Hong Kong steps up research collaboration with China
The sum is in addition to HK$50 billion (US$6.4 billion) announced in February this year to support innovation and technology development in key areas such as artificial intelligence, biotechnology, smart city technology and financial technology, in particular for research clusters in collaboration with mainland Chinese institutions.
The funds would be used on re-industrialisation projects to improve production through smart technologies and robotics, and to promote research and development in universities that would fuel the upgrading of industries in Hong Kong and the neighbouring Pearl River Delta in China as part of Beijing’s ‘Made in China 2025’ project, according to the announcement on 10 October.
The latest cash injection into the endowment fund administered by the Hong Kong Research Grants Council under the University Grants Committee brings the fund to a total of HK$46 billion which will produce an annual income for research spending.
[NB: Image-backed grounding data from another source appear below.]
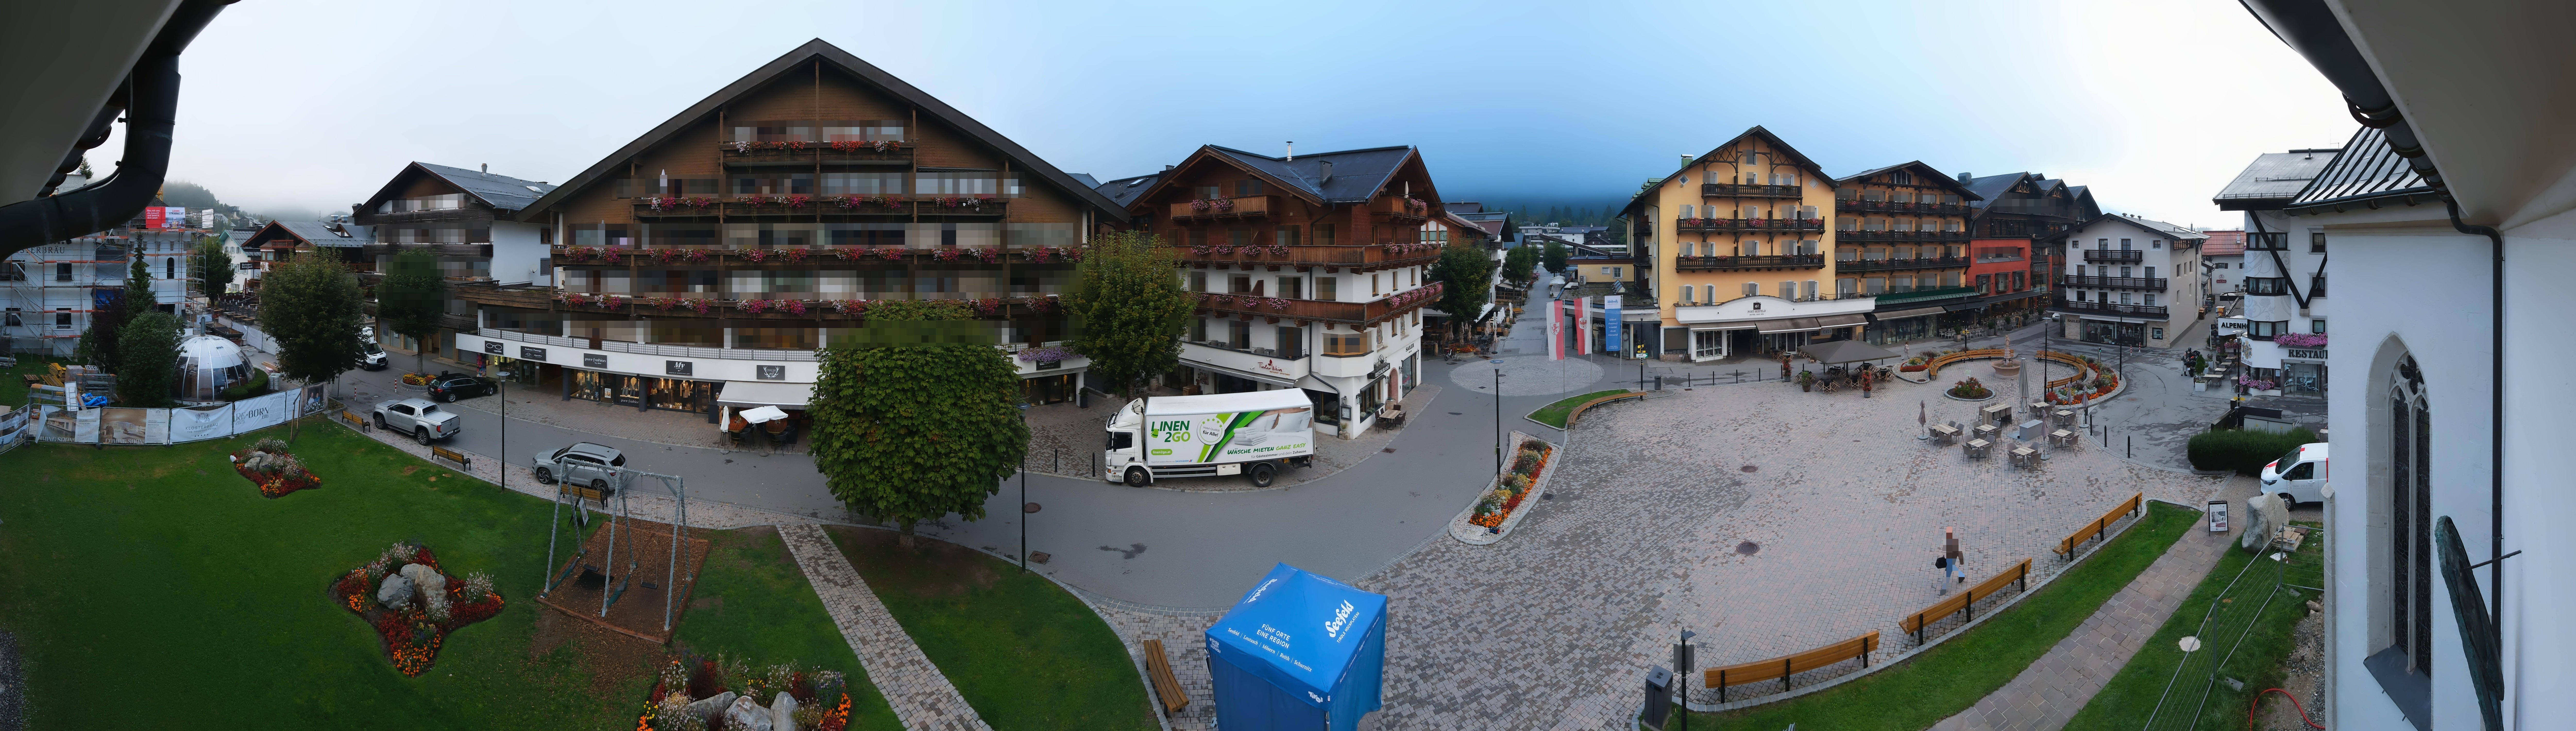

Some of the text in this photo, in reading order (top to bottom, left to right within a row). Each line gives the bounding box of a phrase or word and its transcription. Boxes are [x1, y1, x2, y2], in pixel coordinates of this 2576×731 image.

[1406, 343, 1414, 352] SAILER
[2242, 356, 2252, 366] Kaltschmid
[1375, 364, 1389, 378] RESTAURANT
[1151, 421, 1190, 431] LINEN
[1164, 431, 1190, 442] 2GO
[1248, 579, 1277, 603] Seefeld
[1325, 599, 1354, 638] Seefeld
[1262, 624, 1290, 641] FÜNF ORTE
[1336, 611, 1360, 643] TIROLS HOCHPLATEAU
[1209, 637, 1219, 645] #tirols
[1257, 629, 1289, 649] EINE REGION
[1210, 644, 1221, 653] plateau
[1228, 627, 1312, 672] Seefeld Leutasch Mösern Reith Scharnitz
[1308, 691, 1323, 703] Tirol
Some HK$26 billion has been injected in the endowment fund between 2009 when it was set up, and 2017.
Hong Kong Chief Executive Carrie Lam also announced a HK$3 billion matching grant scheme over three years to Hong Kong universities to match funds from private companies.
According to experts, the endowment top up and the matching scheme will double the annual current research funding from HK$2 billion to HK$4billion, at a time when Hong Kong has been slipping behind Singapore’s huge rise in research spending in recent years.
Lam also announced a blueprint to address the shortage of local IT talent, including new fellowship schemes for ‘outstanding academics’ in Hong Kong with 50 additional post-doctoral positions and funds for 25 professors and associate professors to free them from teaching duties in order to concentrate on research.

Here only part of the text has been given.